In an embodiment, the interaction device may receive response information returned by the user in the sensing area for the interaction content, where the response information includes the event assistance request. For example, when the interactive content is "xiaobai," what can help your, the user in the sensing area can reply to "call employee xiaohei," and the interactive device can make sure that its event assistance request is a call request for "employee xiaohei," thereby initiating a call to the "employee xiaohei.
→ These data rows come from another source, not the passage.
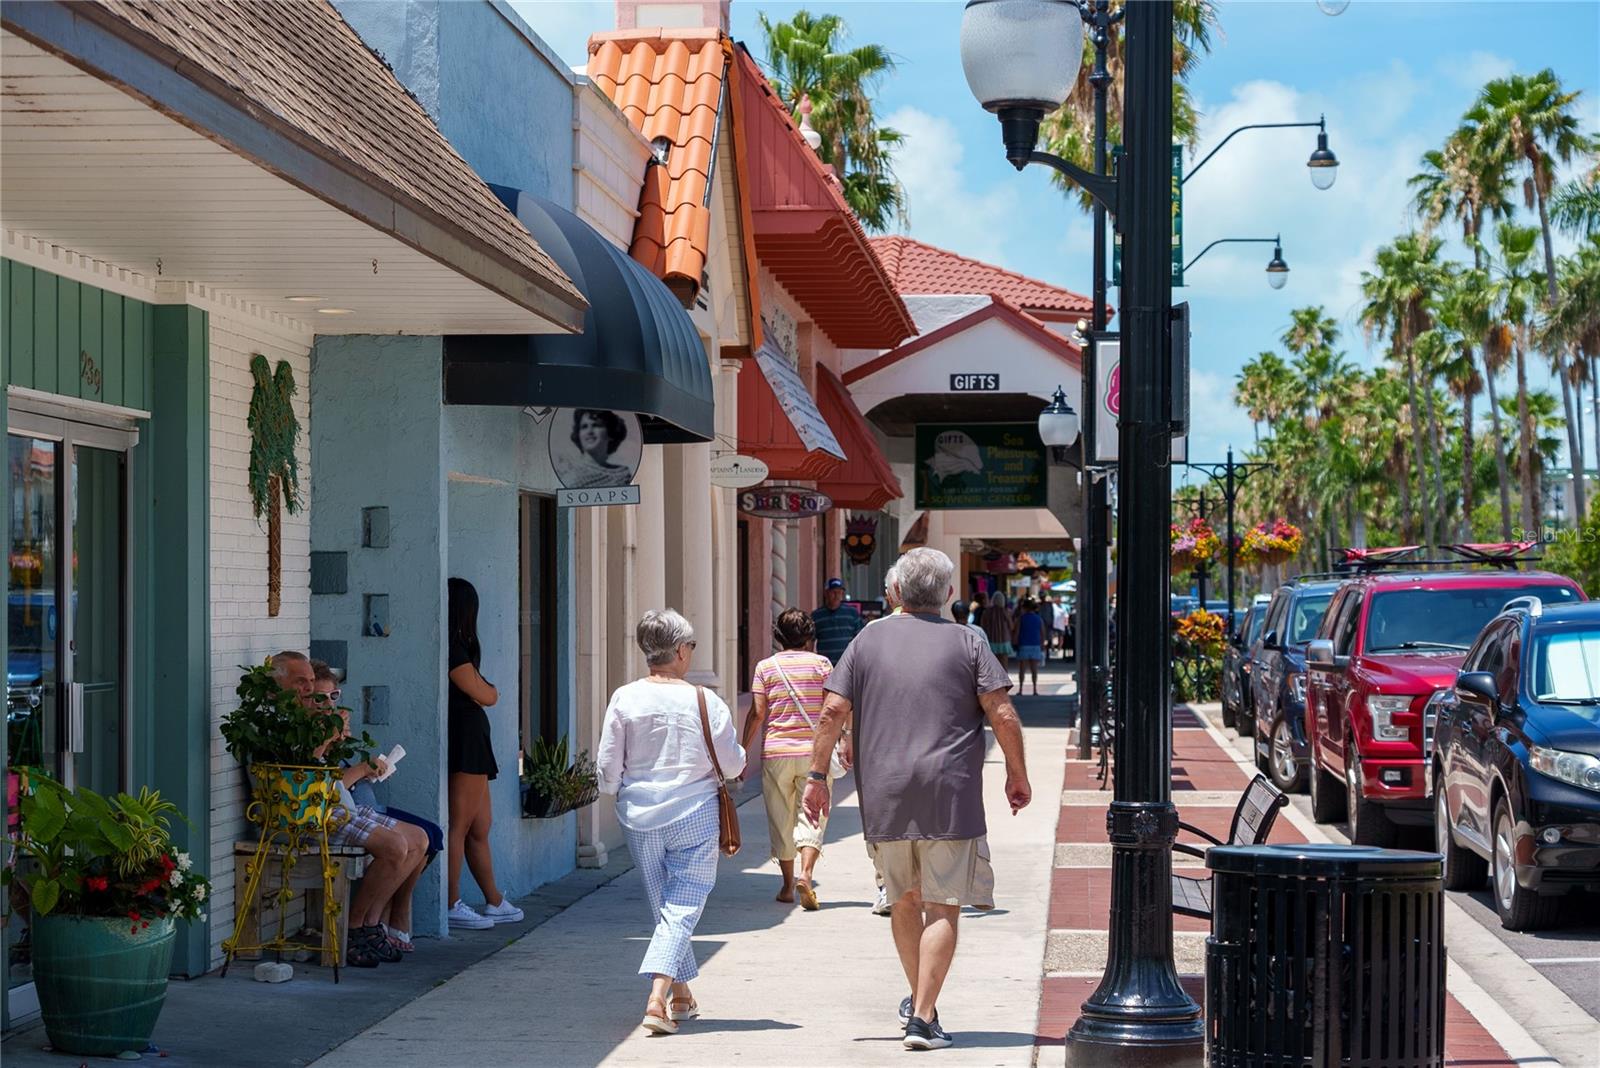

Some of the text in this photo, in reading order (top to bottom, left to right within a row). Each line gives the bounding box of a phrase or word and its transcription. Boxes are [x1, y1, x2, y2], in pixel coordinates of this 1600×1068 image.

[81, 350, 101, 394] 239
[954, 375, 996, 390] GIFTS
[938, 434, 964, 445] GIFTS
[1003, 433, 1025, 446] Sea
[1004, 459, 1024, 472] and
[566, 489, 628, 504] SOAPS
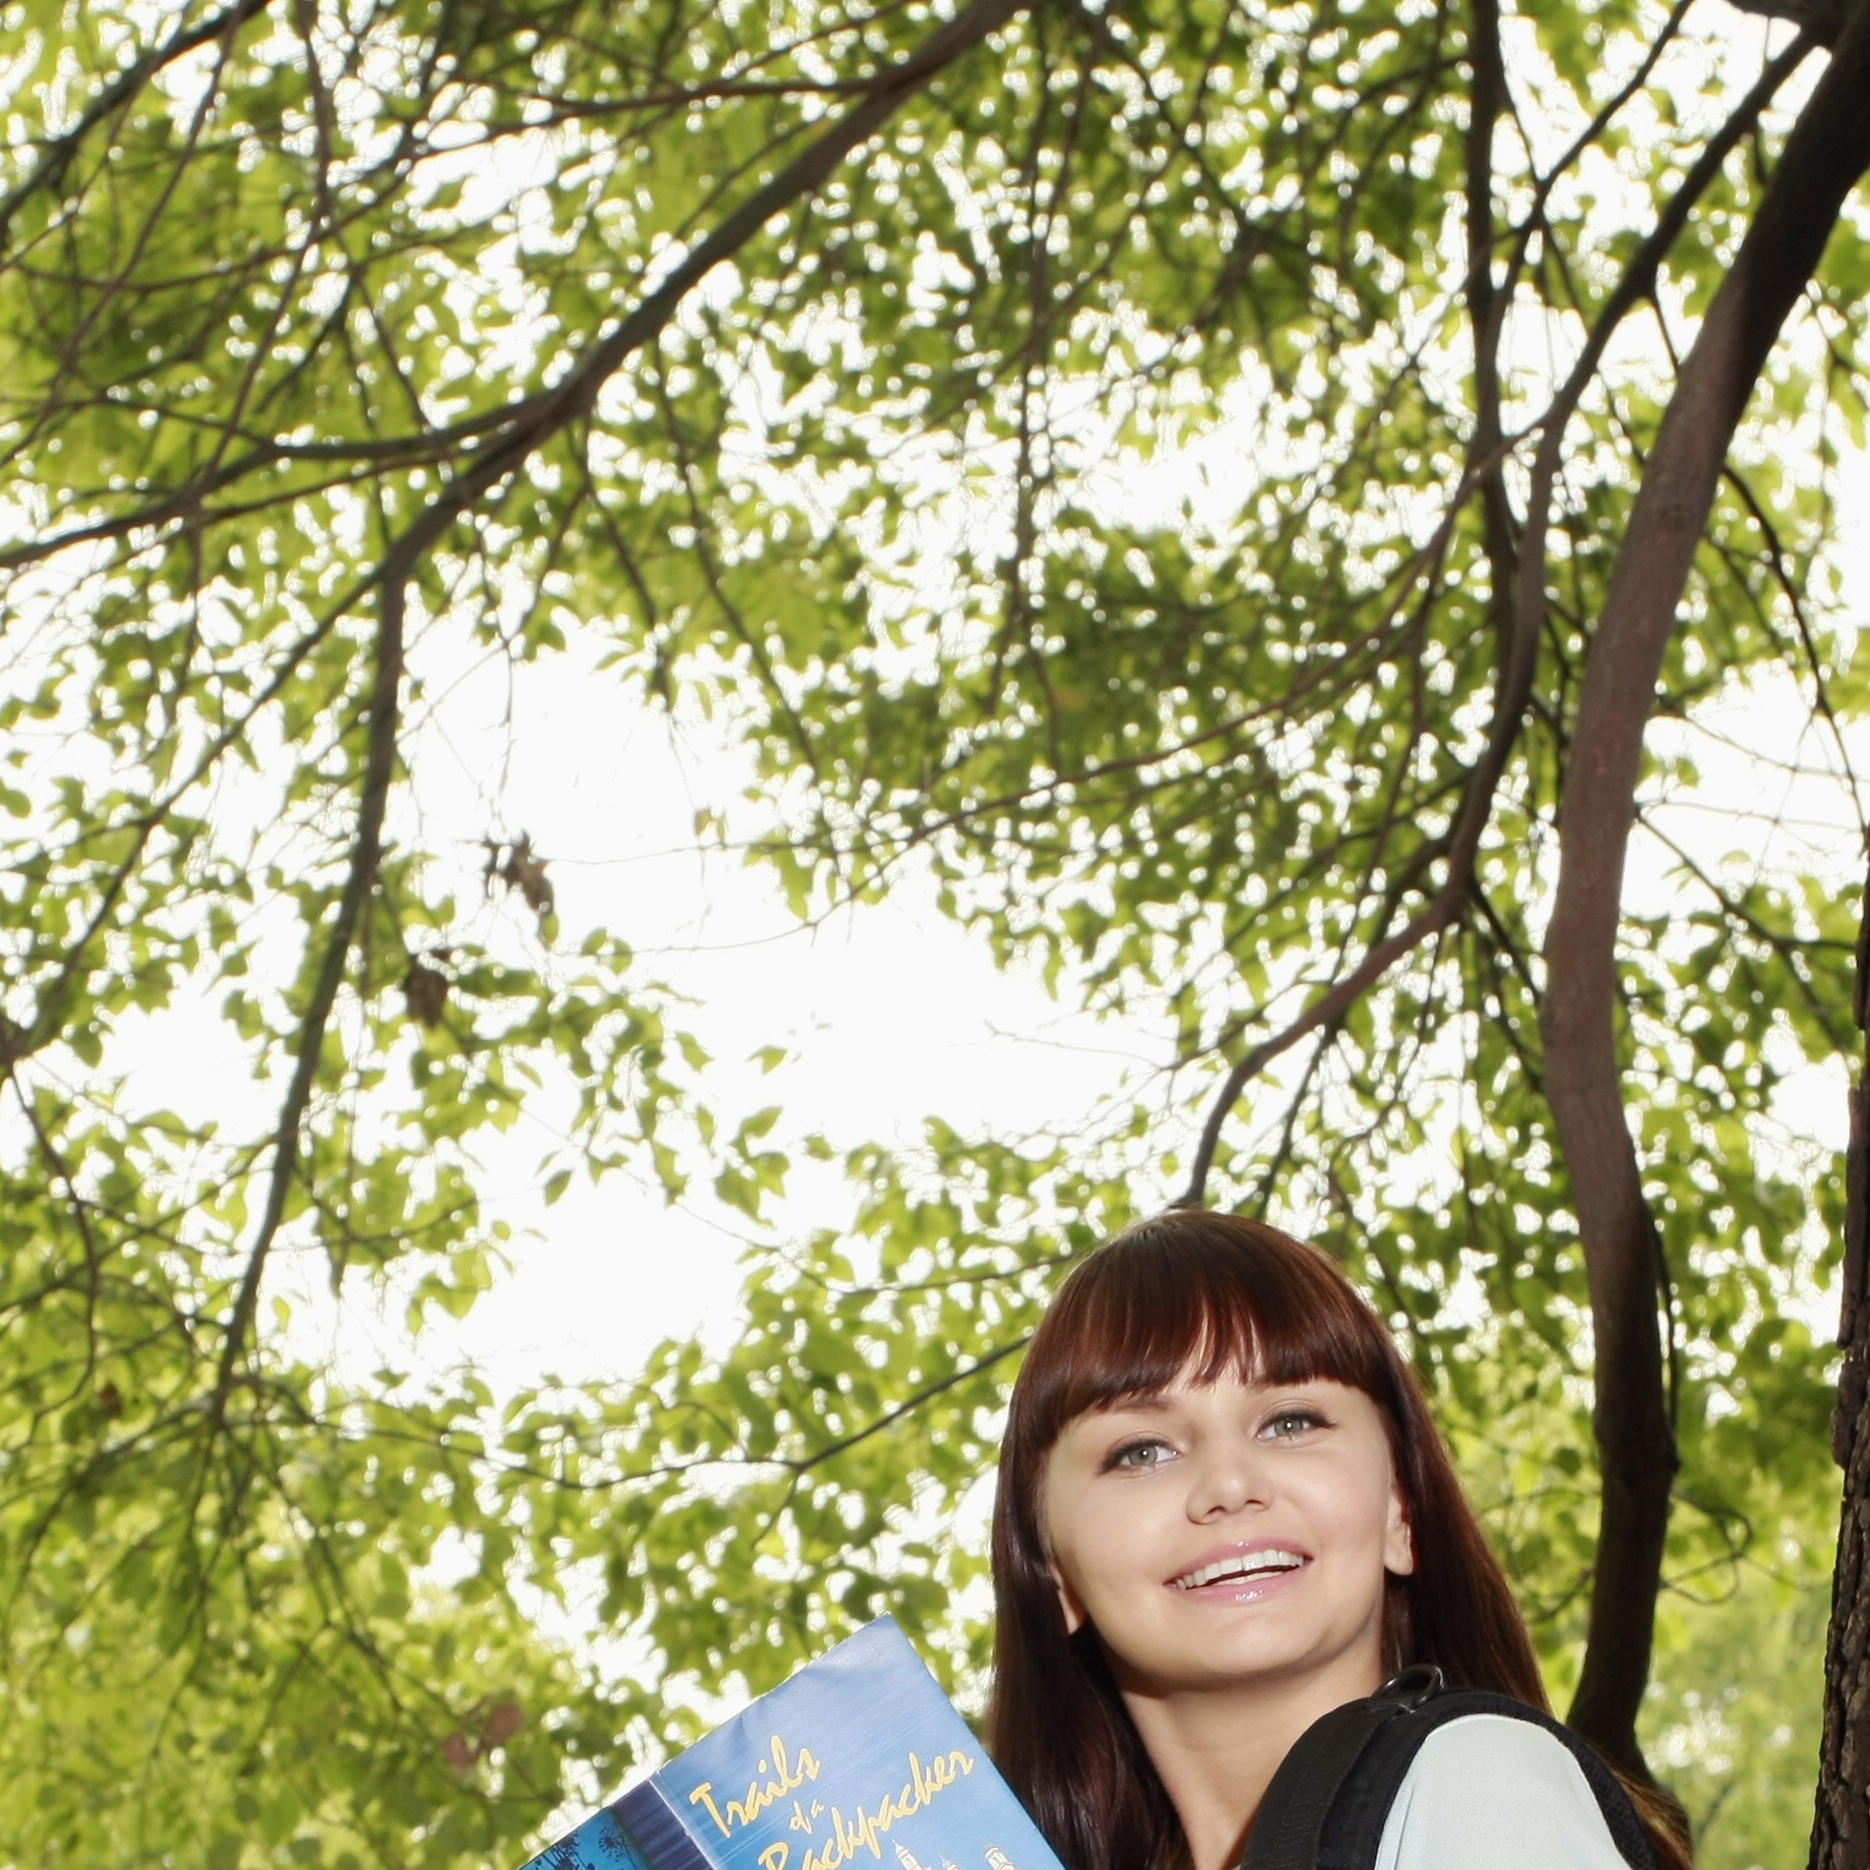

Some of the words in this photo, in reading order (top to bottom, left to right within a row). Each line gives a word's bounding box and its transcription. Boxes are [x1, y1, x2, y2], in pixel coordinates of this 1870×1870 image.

The manner in which the interaction device provides the interaction content is not necessarily related to the manner in which the user returns the response information in the sensing area, and the two may be the same or different, which is not limited in this specification.

In an embodiment, when a plurality of users exist in the sensing area, the interaction device may select the users as the assistance objects according to a preset sequence; then, the interaction equipment sequentially sends prompts to the selected users so that the selected users send corresponding event assistance requests, and therefore the users in the sensing area can sequentially send event assistance requests, confusion caused when a plurality of users send event assistance requests simultaneously is avoided, the interaction equipment cannot accurately know the event assistance requests corresponding to the users, and the assistance efficiency and success rate of the interaction equipment to the users are improved.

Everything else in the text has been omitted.